▶ Action item: Reproduce every entry exactly, without alteration.

Saved entries
○ ○ ○ ○ ○

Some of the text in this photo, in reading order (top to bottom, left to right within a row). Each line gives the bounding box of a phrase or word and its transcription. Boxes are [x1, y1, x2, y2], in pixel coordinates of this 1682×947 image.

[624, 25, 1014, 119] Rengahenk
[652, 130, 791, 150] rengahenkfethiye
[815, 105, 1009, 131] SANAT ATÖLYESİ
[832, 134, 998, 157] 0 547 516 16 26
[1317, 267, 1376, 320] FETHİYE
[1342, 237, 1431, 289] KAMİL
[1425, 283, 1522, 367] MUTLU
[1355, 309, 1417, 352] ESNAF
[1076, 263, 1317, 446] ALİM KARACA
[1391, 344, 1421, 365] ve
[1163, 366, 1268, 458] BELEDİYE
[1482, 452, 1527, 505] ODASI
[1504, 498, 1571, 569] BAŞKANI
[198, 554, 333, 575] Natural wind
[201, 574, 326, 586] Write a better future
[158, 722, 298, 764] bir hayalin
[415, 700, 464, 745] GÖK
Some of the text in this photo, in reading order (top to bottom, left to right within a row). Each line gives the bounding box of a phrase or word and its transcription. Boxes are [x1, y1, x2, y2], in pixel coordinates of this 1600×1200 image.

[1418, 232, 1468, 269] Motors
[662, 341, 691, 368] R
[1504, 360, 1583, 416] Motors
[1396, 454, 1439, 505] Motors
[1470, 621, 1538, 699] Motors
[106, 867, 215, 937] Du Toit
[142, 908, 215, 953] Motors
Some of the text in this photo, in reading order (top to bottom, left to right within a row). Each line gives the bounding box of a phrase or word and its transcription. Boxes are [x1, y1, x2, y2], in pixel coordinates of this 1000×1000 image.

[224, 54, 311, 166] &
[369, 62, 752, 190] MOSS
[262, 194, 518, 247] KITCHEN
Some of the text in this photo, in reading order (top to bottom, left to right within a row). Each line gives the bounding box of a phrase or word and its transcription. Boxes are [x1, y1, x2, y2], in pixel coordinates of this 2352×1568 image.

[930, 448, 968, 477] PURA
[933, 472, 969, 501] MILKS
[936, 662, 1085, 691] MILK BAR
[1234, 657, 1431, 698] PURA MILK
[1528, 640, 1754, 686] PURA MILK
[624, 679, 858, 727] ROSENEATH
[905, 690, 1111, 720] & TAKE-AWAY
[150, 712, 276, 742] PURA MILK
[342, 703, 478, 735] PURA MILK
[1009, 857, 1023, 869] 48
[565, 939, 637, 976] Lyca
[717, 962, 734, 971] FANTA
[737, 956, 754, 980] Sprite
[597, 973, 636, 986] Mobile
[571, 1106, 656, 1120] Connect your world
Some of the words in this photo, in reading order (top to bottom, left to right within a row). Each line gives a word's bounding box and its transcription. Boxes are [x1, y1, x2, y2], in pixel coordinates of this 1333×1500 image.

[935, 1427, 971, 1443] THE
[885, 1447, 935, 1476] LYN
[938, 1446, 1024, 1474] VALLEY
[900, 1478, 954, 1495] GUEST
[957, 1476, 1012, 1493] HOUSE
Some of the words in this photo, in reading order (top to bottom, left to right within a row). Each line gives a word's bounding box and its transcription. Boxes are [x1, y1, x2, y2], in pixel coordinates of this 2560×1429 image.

○ ○ ○ ○ ○

▶ Answer below:
Some of the text in this photo, in reading order (top to bottom, left to right within a row). Each line gives the bounding box of a phrase or word and its transcription. Boxes are [x1, y1, x2, y2], in pixel coordinates of this 1682×947 image.

[624, 25, 1014, 119] Rengahenk
[652, 130, 791, 150] rengahenkfethiye
[815, 105, 1009, 131] SANAT ATÖLYESİ
[832, 134, 998, 157] 0 547 516 16 26
[1317, 267, 1376, 320] FETHİYE
[1342, 237, 1431, 289] KAMİL
[1425, 283, 1522, 367] MUTLU
[1355, 309, 1417, 352] ESNAF
[1076, 263, 1317, 446] ALİM KARACA
[1391, 344, 1421, 365] ve
[1163, 366, 1268, 458] BELEDİYE
[1482, 452, 1527, 505] ODASI
[1504, 498, 1571, 569] BAŞKANI
[198, 554, 333, 575] Natural wind
[201, 574, 326, 586] Write a better future
[158, 722, 298, 764] bir hayalin
[415, 700, 464, 745] GÖK
Some of the text in this photo, in reading order (top to bottom, left to right within a row). Each line gives the bounding box of a phrase or word and its transcription. Boxes are [x1, y1, x2, y2], in pixel coordinates of this 1600×1200 image.

[1418, 232, 1468, 269] Motors
[662, 341, 691, 368] R
[1504, 360, 1583, 416] Motors
[1396, 454, 1439, 505] Motors
[1470, 621, 1538, 699] Motors
[106, 867, 215, 937] Du Toit
[142, 908, 215, 953] Motors
Some of the text in this photo, in reading order (top to bottom, left to right within a row). Each line gives the bounding box of a phrase or word and its transcription. Boxes are [x1, y1, x2, y2], in pixel coordinates of this 1000×1000 image.

[224, 54, 311, 166] &
[369, 62, 752, 190] MOSS
[262, 194, 518, 247] KITCHEN
Some of the text in this photo, in reading order (top to bottom, left to right within a row). Each line gives the bounding box of a phrase or word and its transcription. Boxes are [x1, y1, x2, y2], in pixel coordinates of this 2352×1568 image.

[930, 448, 968, 477] PURA
[933, 472, 969, 501] MILKS
[936, 662, 1085, 691] MILK BAR
[1234, 657, 1431, 698] PURA MILK
[1528, 640, 1754, 686] PURA MILK
[624, 679, 858, 727] ROSENEATH
[905, 690, 1111, 720] & TAKE-AWAY
[150, 712, 276, 742] PURA MILK
[342, 703, 478, 735] PURA MILK
[1009, 857, 1023, 869] 48
[565, 939, 637, 976] Lyca
[717, 962, 734, 971] FANTA
[737, 956, 754, 980] Sprite
[597, 973, 636, 986] Mobile
[571, 1106, 656, 1120] Connect your world
Some of the words in this photo, in reading order (top to bottom, left to right within a row). Each line gives a word's bounding box and its transcription. Boxes are [x1, y1, x2, y2], in pixel coordinates of this 1333×1500 image.

[935, 1427, 971, 1443] THE
[885, 1447, 935, 1476] LYN
[938, 1446, 1024, 1474] VALLEY
[900, 1478, 954, 1495] GUEST
[957, 1476, 1012, 1493] HOUSE
Some of the words in this photo, in reading order (top to bottom, left to right within a row). Each line gives a word's bounding box and its transcription. Boxes are [x1, y1, x2, y2], in pixel coordinates of this 2560×1429 image.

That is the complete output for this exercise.